Driven Brands' Multi-Year Restatement Triggers Second Nasdaq Warning
Restatement Cascade
Company Background
Driven Brands Holdings is the largest automotive services company in North America by network scale, operating and franchising more than 4,200 locations under brands including Take 5 Oil Change, Meineke, Maaco, CARSTAR, Auto Glass Now, and 1-800-Radiator & A/C. The company generated approximately $1.9 billion in revenue for fiscal year 2025, a 6% increase year-over-year, anchored by Take 5's 22nd consecutive quarter of same-store sales growth. Net leverage improved materially after the January 2026 divestiture of the international car wash business (IMO) for approximately €411 million, with management targeting a 3.0x net leverage ratio by year-end 2026.
The financial picture is complicated, however, by a multi-year accounting restatement the Audit Committee triggered in February 2026. On February 23, 2026, the Audit Committee concluded that previously issued financial statements for fiscal years 2023 and 2024, and for the first three quarters of fiscal year 2025, contained material errors and should not be relied upon. The errors spanned lease accounting, unreconciled cash balances, accounts payable, accounts receivable, and expense misclassification. Collectively, they reduced Adjusted EBITDA by approximately $57 million in fiscal year 2023, $12 million in fiscal year 2024, and $8 million through the first three quarters of 2025.
What Was Disclosed
A second Nasdaq non-compliance notice arrived on June 1, 2026, this time for missing the Q1 2026 Form 10-Q for the quarter ended March 28, 2026. The same restatement that delayed the annual report cascaded into the quarterly filing — the company did not have audited 2025 financials in hand until May 19, and the 10-Q cannot be completed without that foundation.

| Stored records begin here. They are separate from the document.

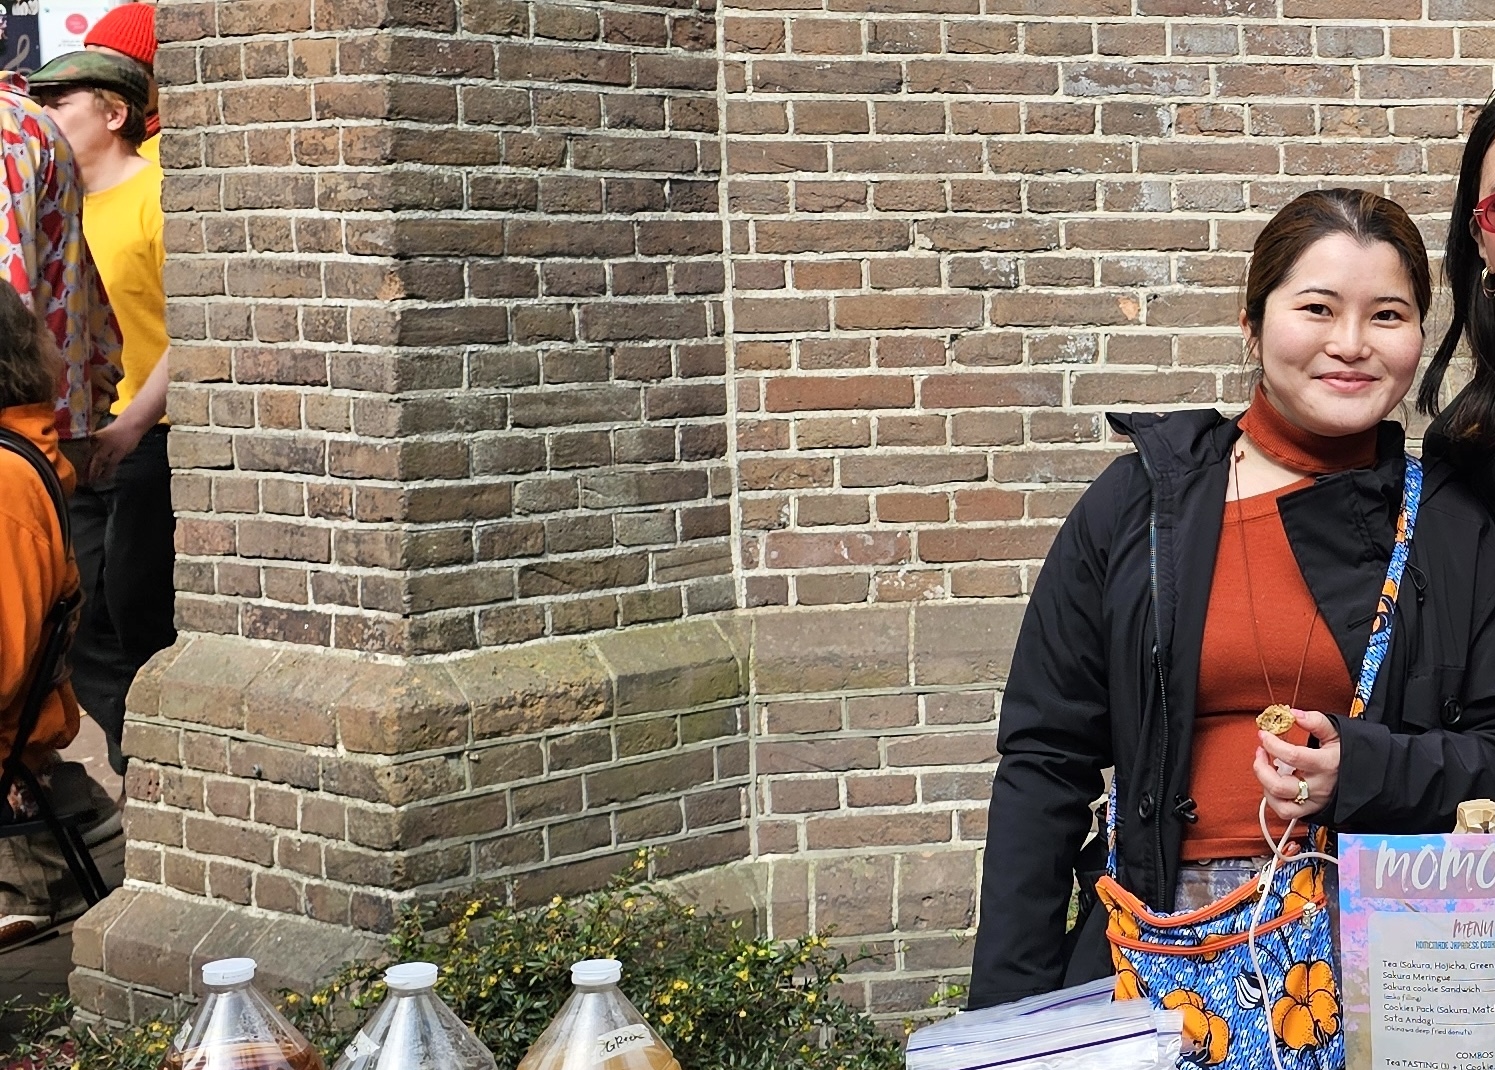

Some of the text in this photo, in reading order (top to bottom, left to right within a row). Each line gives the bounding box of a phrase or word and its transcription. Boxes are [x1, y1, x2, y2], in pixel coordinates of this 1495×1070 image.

[1452, 920, 1494, 938] MENU
[1383, 972, 1450, 982] Sakura Meringue
[1383, 983, 1411, 991] Sakura
[1405, 1016, 1434, 1025] Andagi
[1402, 1060, 1438, 1069] TASTING
[1466, 1062, 1493, 1070] Cookie
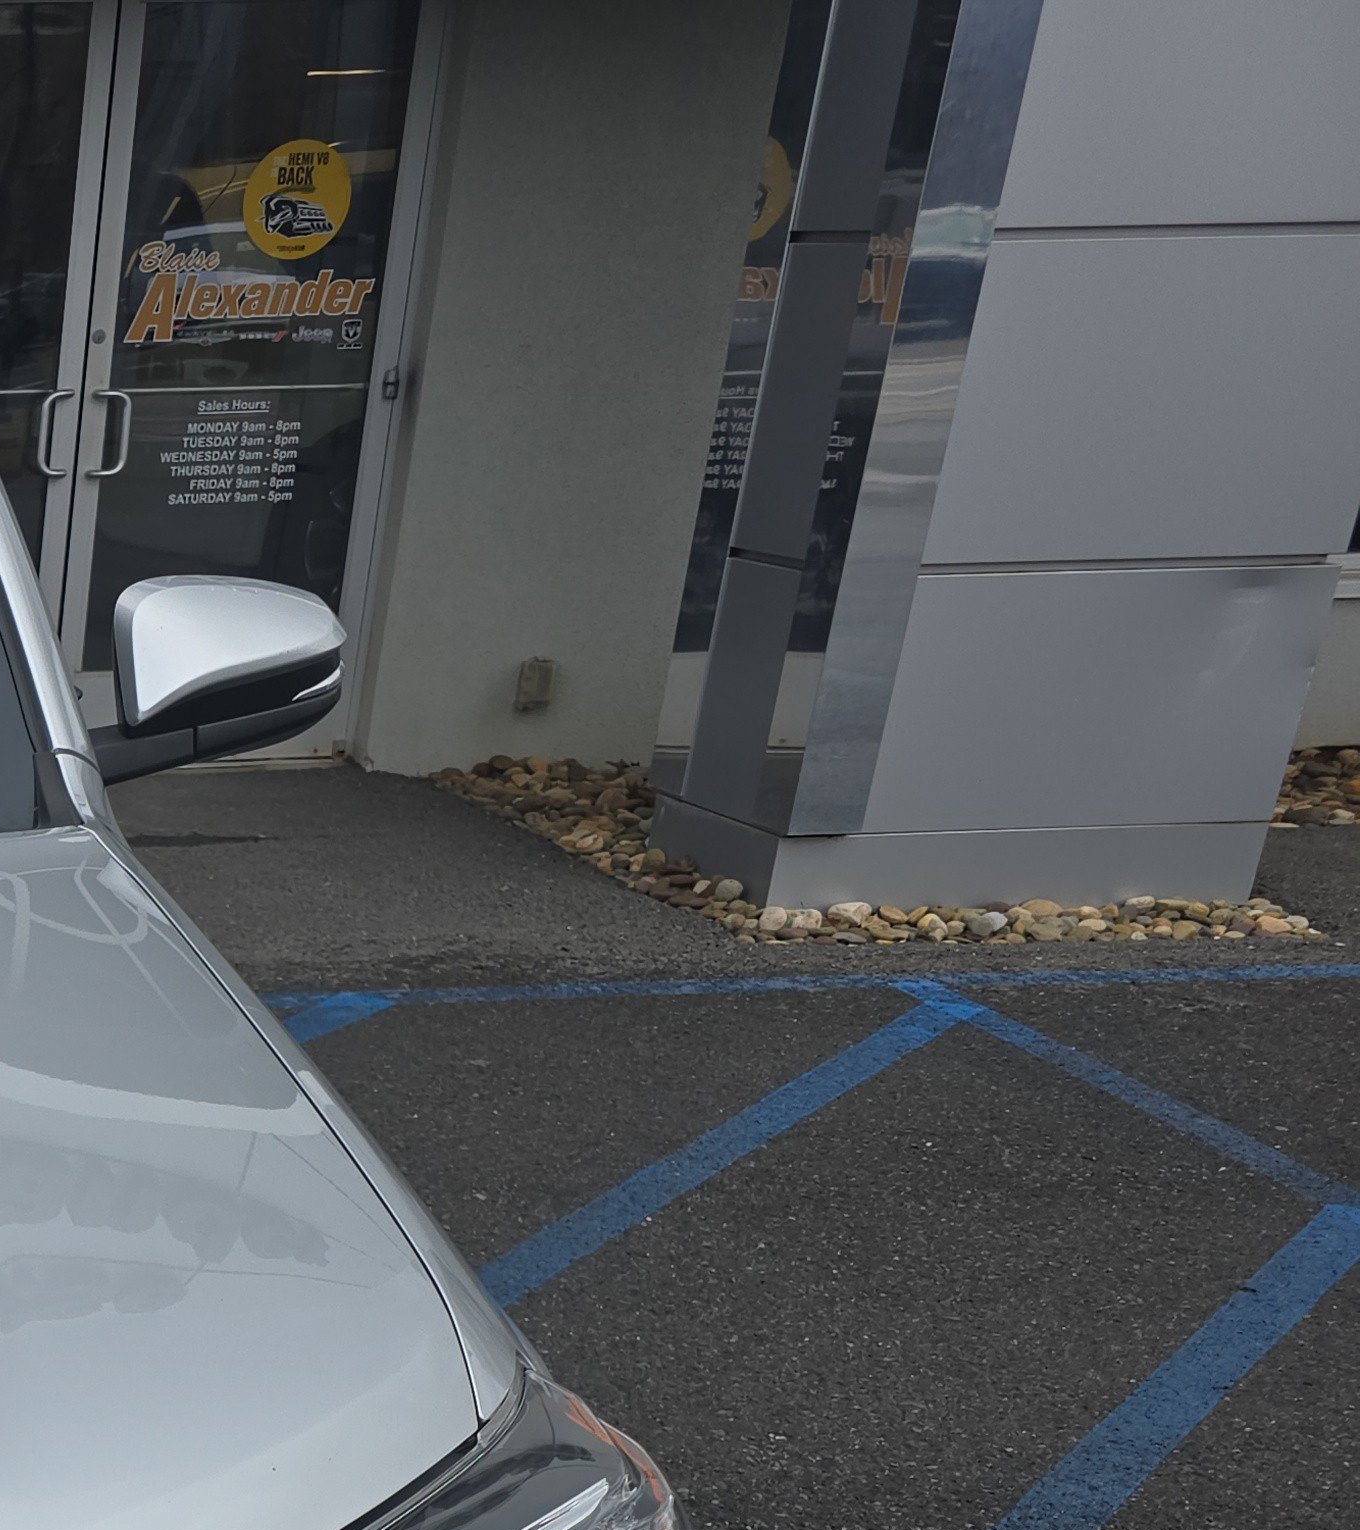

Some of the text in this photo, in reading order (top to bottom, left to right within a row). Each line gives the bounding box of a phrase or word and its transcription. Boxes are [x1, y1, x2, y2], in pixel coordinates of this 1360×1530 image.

[288, 152, 315, 166] HEMI
[317, 151, 330, 165] V8
[277, 166, 314, 185] BACK
[138, 240, 221, 274] Blaise
[124, 269, 376, 343] Alexander
[197, 399, 271, 412] Sales Hours:
[187, 421, 239, 433] MONDAY
[241, 421, 266, 432] 9am
[182, 436, 238, 448] TUESDAY
[240, 435, 264, 446] 9am
[160, 450, 236, 463] WEDNESDAY
[238, 450, 263, 460] 9am
[170, 464, 235, 476] THURSDAY
[237, 464, 261, 475] 9am
[189, 478, 233, 490] FRIDAY
[235, 478, 259, 489] 9am
[168, 493, 231, 505] SATURDAY
[234, 492, 258, 502] 9am
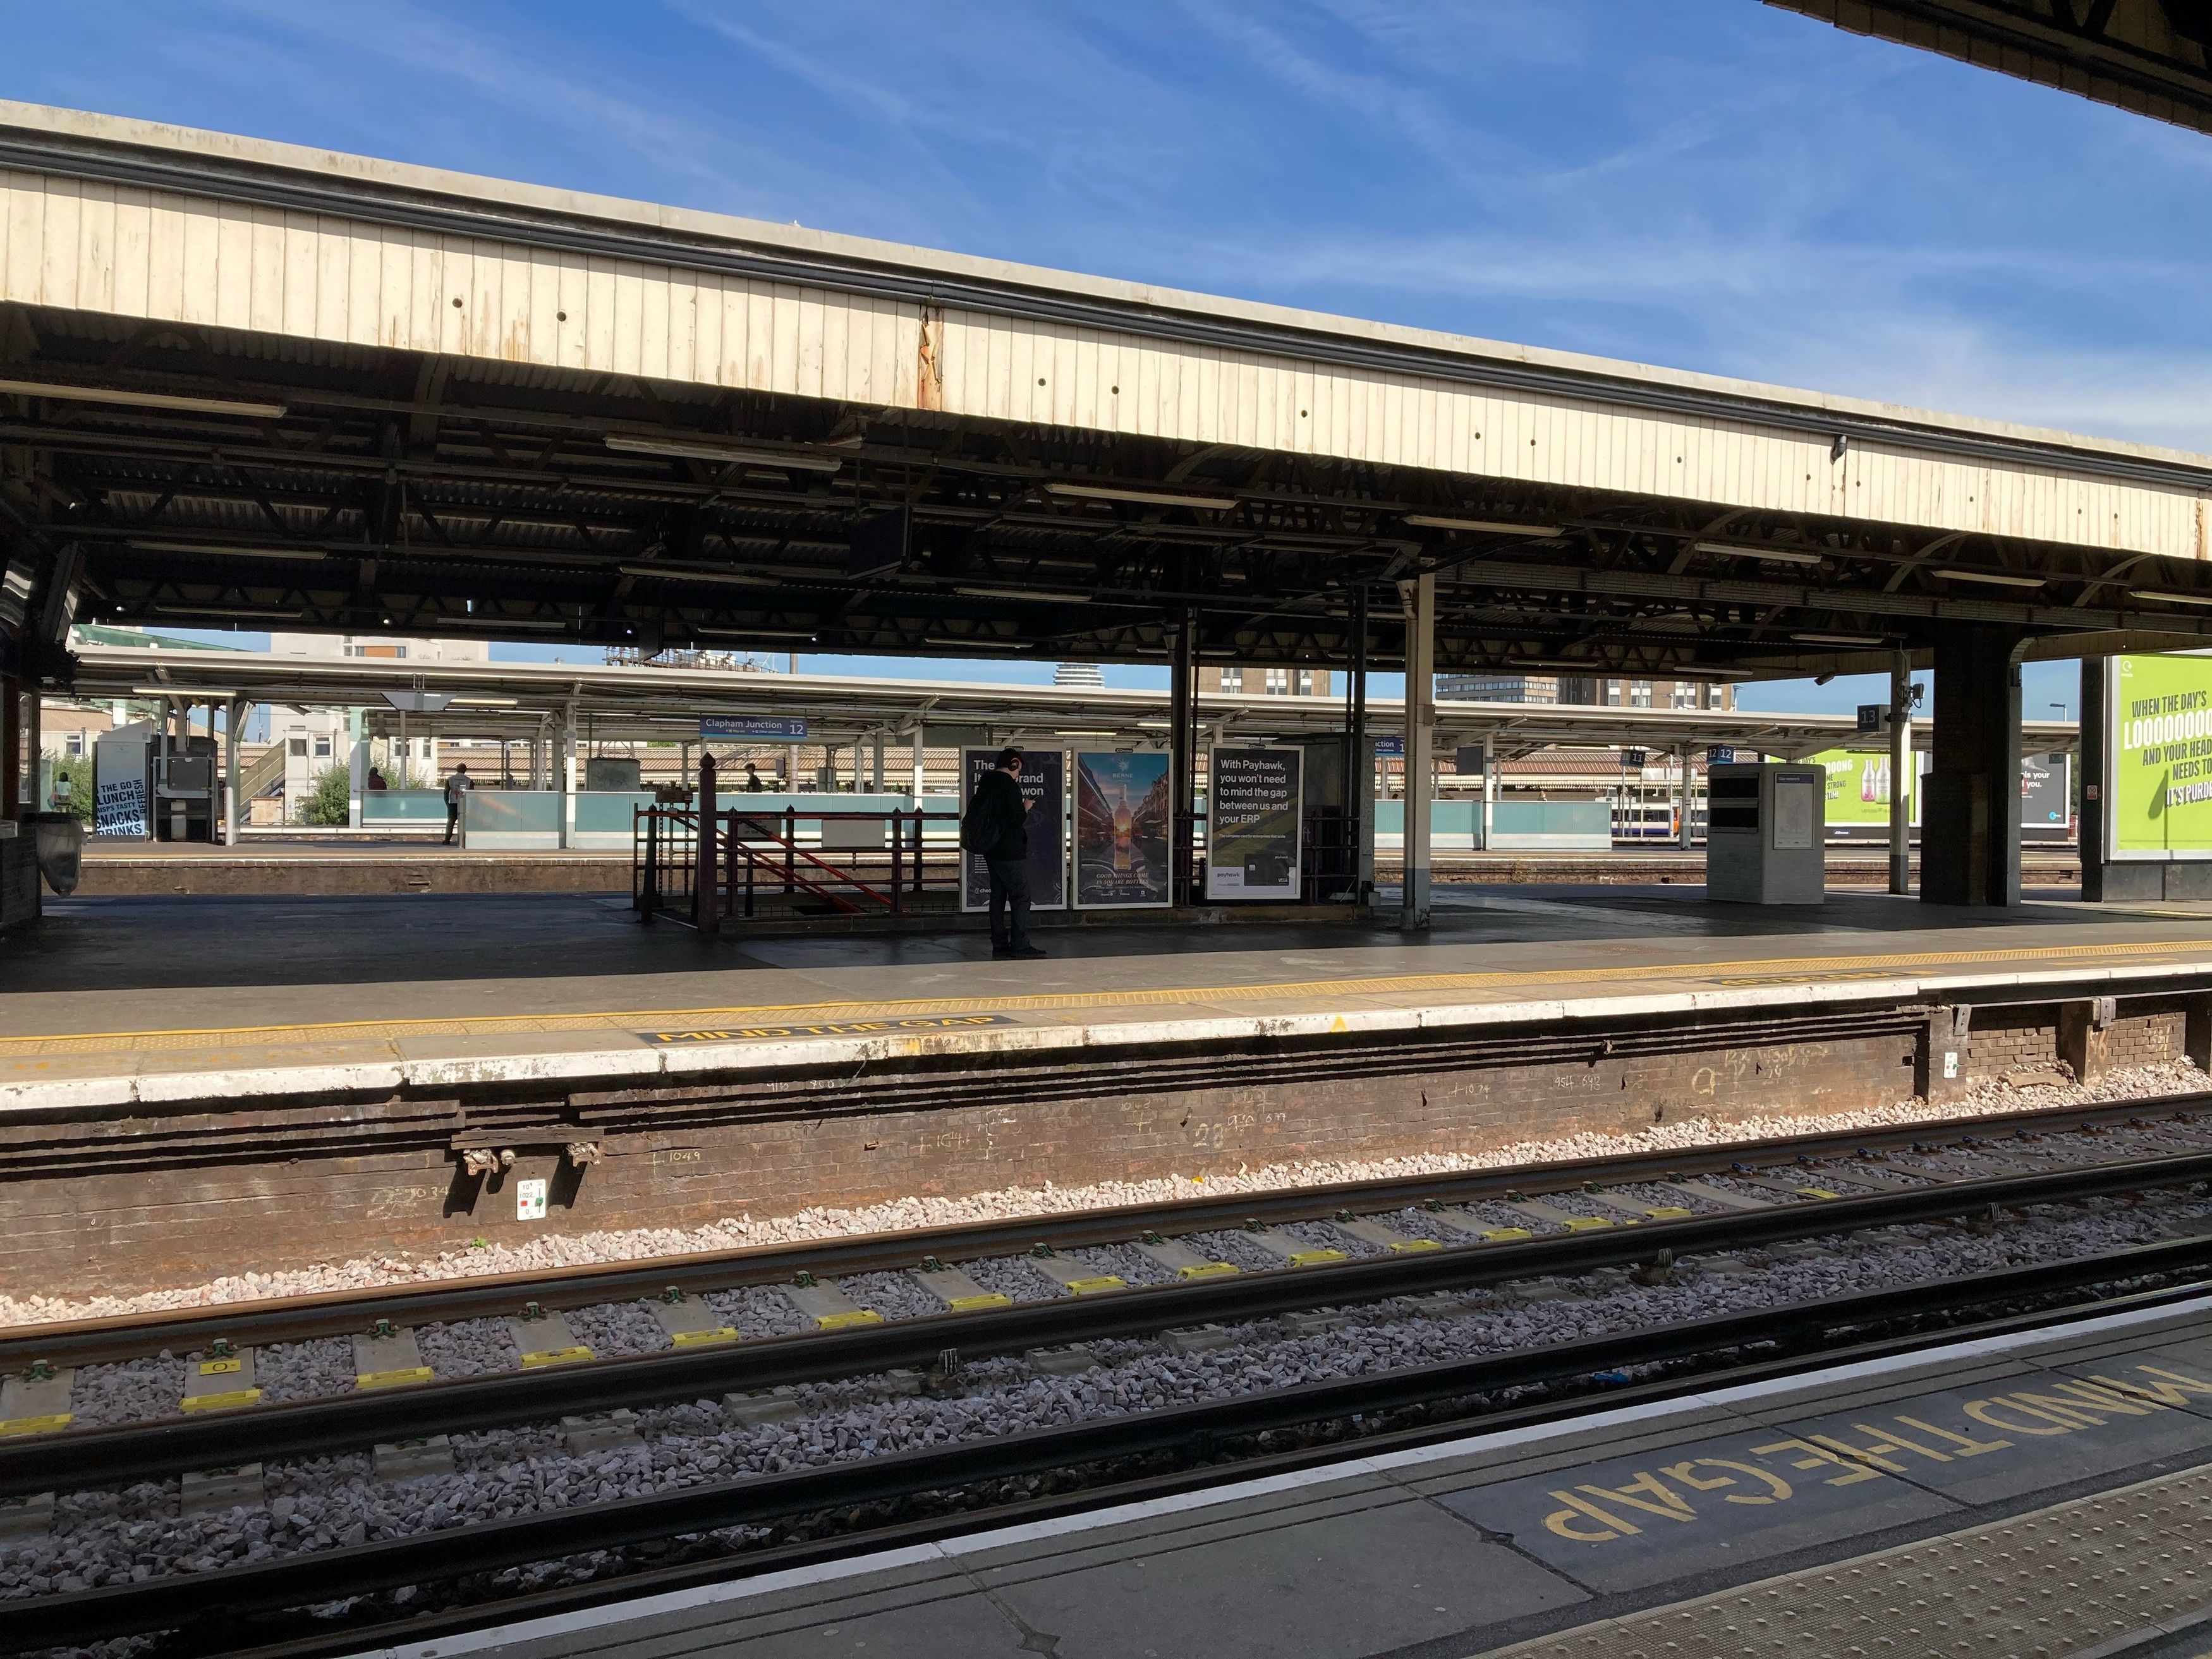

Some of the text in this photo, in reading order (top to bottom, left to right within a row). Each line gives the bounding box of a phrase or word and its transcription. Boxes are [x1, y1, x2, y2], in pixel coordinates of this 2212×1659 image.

Under Nasdaq rules, Driven Brands has until July 31, 2026 to submit a compliance plan, and Nasdaq has discretion to grant an extension through November 25, 2026 for the company to actually regain compliance. The notice has no immediate effect on listing status.
The timing is jarring: Nasdaq delivered a compliance restoration notice on May 29, 2026, acknowledging that the 2025 10-K had been filed on May 19. Three days later, a new deficiency notice arrived for the 10-Q. Management stated it currently expects to file the Q1 2026 10-Q by approximately July 3, 2026 — the same date it is required to deliver Q1 financial statements to its lenders under extensions negotiated in April.
Why It Matters
The April credit facility actions illustrate how far the restatement's consequences extended beyond SEC filings. On April 22, 2026, the servicer on Driven Brands' whole-business securitization structure agreed to extend financial reporting deadlines to June 10, 2026, and waived any covenant breach arising solely from the delay — for a consent fee of $10,000. Two days later, JPMorgan Chase and the revolving credit lenders signed an amendment explicitly waiving any defaults or events of default arising from the company having notified lenders of its intent to restate financial statements for fiscal years 2023 and 2024 and the first three fiscal quarters of 2025. Without these waivers, the restatement announcement would have constituted a technical default under both facilities. A March 11 amendment to the securitization indenture had already extended earlier deadlines after the Audit Committee's February finding.
The remediation is not free. Management's fiscal 2026 guidance includes $35 million to $45 million in restatement-related, non-recurring costs. That drag is embedded in an Adjusted EBITDA outlook of $430 million to $460 million — a step down from the $449 million reported for fiscal 2025, even before accounting for the smaller post-divestiture business footprint. Management also disclosed material weaknesses in internal controls over financial reporting as of December 27, 2025, and noted the review remains subject to the risk that additional errors could surface. The Q1 2026 Adjusted EBITDA is expected to come in below the prior year, partly due to restatement-related expenses.
The underlying operating business continues to generate cash — approximately $130 million on hand at March 28, 2026, with total net debt reduced to approximately $1.6 billion from $2.1 billion at year-end 2025 — and Take 5 same-store sales growth of 4.3% to 4.5% in Q1 2026 on a preliminary basis suggests the franchise model remains functional. The compliance risk, at least as currently structured, is a reporting problem rather than an imminent liquidity event. That said, the outstanding $35-45 million remediation bill, the unresolved material weaknesses, and Nasdaq's discretion over a deadline that could stretch through late November give the situation a long tail.